*Provided information:*

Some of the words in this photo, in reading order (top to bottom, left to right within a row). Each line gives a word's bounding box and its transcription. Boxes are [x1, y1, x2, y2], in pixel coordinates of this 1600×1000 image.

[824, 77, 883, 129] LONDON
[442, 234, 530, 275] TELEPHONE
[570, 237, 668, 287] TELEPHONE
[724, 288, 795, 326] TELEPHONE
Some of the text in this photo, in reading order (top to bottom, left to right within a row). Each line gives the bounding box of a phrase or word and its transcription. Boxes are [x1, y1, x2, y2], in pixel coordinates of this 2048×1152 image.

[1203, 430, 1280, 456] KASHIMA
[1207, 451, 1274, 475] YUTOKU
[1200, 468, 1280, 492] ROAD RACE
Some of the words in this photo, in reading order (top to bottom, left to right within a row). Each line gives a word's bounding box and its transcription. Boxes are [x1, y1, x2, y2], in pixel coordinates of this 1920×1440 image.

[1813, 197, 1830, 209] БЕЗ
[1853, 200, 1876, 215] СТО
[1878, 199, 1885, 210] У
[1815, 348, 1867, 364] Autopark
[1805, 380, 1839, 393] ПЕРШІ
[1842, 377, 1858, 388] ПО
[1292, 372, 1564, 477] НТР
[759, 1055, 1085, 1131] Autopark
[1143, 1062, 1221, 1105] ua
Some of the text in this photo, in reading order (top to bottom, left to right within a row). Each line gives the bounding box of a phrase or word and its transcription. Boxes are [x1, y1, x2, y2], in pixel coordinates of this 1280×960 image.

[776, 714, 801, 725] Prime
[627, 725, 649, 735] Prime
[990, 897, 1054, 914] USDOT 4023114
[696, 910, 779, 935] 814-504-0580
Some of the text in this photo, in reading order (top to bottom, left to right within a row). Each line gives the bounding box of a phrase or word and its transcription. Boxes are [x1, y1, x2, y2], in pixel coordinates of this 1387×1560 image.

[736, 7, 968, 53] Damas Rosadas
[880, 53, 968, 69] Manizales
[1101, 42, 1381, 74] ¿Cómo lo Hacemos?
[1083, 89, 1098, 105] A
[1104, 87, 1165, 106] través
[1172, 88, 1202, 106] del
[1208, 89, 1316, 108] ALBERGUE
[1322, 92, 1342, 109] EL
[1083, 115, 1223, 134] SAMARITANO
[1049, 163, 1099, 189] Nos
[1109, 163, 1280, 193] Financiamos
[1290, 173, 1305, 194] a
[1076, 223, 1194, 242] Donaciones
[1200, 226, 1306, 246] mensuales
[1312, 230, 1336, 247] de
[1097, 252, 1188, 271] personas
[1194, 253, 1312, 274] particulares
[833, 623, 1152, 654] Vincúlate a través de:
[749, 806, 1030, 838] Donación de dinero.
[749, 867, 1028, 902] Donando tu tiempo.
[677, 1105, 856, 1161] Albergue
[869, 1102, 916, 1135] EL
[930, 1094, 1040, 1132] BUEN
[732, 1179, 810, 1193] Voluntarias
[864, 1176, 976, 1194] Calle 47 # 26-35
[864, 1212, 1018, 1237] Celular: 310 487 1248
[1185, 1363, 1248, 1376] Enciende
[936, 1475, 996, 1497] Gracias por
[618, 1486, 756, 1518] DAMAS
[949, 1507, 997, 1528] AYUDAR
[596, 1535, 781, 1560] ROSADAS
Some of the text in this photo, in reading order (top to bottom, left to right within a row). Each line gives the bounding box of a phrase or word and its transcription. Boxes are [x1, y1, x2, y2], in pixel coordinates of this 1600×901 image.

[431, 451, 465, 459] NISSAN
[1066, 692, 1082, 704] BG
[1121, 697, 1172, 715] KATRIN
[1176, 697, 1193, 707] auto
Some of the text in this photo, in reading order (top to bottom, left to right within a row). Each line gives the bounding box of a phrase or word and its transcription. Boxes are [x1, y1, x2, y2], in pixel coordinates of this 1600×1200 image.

*What you should do:* Line by line, repeat the material precisely.

*Written solution:*
Some of the words in this photo, in reading order (top to bottom, left to right within a row). Each line gives a word's bounding box and its transcription. Boxes are [x1, y1, x2, y2], in pixel coordinates of this 1600×1000 image.

[824, 77, 883, 129] LONDON
[442, 234, 530, 275] TELEPHONE
[570, 237, 668, 287] TELEPHONE
[724, 288, 795, 326] TELEPHONE
Some of the text in this photo, in reading order (top to bottom, left to right within a row). Each line gives the bounding box of a phrase or word and its transcription. Boxes are [x1, y1, x2, y2], in pixel coordinates of this 2048×1152 image.

[1203, 430, 1280, 456] KASHIMA
[1207, 451, 1274, 475] YUTOKU
[1200, 468, 1280, 492] ROAD RACE
Some of the words in this photo, in reading order (top to bottom, left to right within a row). Each line gives a word's bounding box and its transcription. Boxes are [x1, y1, x2, y2], in pixel coordinates of this 1920×1440 image.

[1813, 197, 1830, 209] БЕЗ
[1853, 200, 1876, 215] СТО
[1878, 199, 1885, 210] У
[1815, 348, 1867, 364] Autopark
[1805, 380, 1839, 393] ПЕРШІ
[1842, 377, 1858, 388] ПО
[1292, 372, 1564, 477] НТР
[759, 1055, 1085, 1131] Autopark
[1143, 1062, 1221, 1105] ua
Some of the text in this photo, in reading order (top to bottom, left to right within a row). Each line gives the bounding box of a phrase or word and its transcription. Boxes are [x1, y1, x2, y2], in pixel coordinates of this 1280×960 image.

[776, 714, 801, 725] Prime
[627, 725, 649, 735] Prime
[990, 897, 1054, 914] USDOT 4023114
[696, 910, 779, 935] 814-504-0580
Some of the text in this photo, in reading order (top to bottom, left to right within a row). Each line gives the bounding box of a phrase or word and its transcription. Boxes are [x1, y1, x2, y2], in pixel coordinates of this 1387×1560 image.

[736, 7, 968, 53] Damas Rosadas
[880, 53, 968, 69] Manizales
[1101, 42, 1381, 74] ¿Cómo lo Hacemos?
[1083, 89, 1098, 105] A
[1104, 87, 1165, 106] través
[1172, 88, 1202, 106] del
[1208, 89, 1316, 108] ALBERGUE
[1322, 92, 1342, 109] EL
[1083, 115, 1223, 134] SAMARITANO
[1049, 163, 1099, 189] Nos
[1109, 163, 1280, 193] Financiamos
[1290, 173, 1305, 194] a
[1076, 223, 1194, 242] Donaciones
[1200, 226, 1306, 246] mensuales
[1312, 230, 1336, 247] de
[1097, 252, 1188, 271] personas
[1194, 253, 1312, 274] particulares
[833, 623, 1152, 654] Vincúlate a través de:
[749, 806, 1030, 838] Donación de dinero.
[749, 867, 1028, 902] Donando tu tiempo.
[677, 1105, 856, 1161] Albergue
[869, 1102, 916, 1135] EL
[930, 1094, 1040, 1132] BUEN
[732, 1179, 810, 1193] Voluntarias
[864, 1176, 976, 1194] Calle 47 # 26-35
[864, 1212, 1018, 1237] Celular: 310 487 1248
[1185, 1363, 1248, 1376] Enciende
[936, 1475, 996, 1497] Gracias por
[618, 1486, 756, 1518] DAMAS
[949, 1507, 997, 1528] AYUDAR
[596, 1535, 781, 1560] ROSADAS
Some of the text in this photo, in reading order (top to bottom, left to right within a row). Each line gives the bounding box of a phrase or word and its transcription. Boxes are [x1, y1, x2, y2], in pixel coordinates of this 1600×901 image.

[431, 451, 465, 459] NISSAN
[1066, 692, 1082, 704] BG
[1121, 697, 1172, 715] KATRIN
[1176, 697, 1193, 707] auto
Some of the text in this photo, in reading order (top to bottom, left to right within a row). Each line gives the bounding box of a phrase or word and its transcription. Boxes are [x1, y1, x2, y2], in pixel coordinates of this 1600×1200 image.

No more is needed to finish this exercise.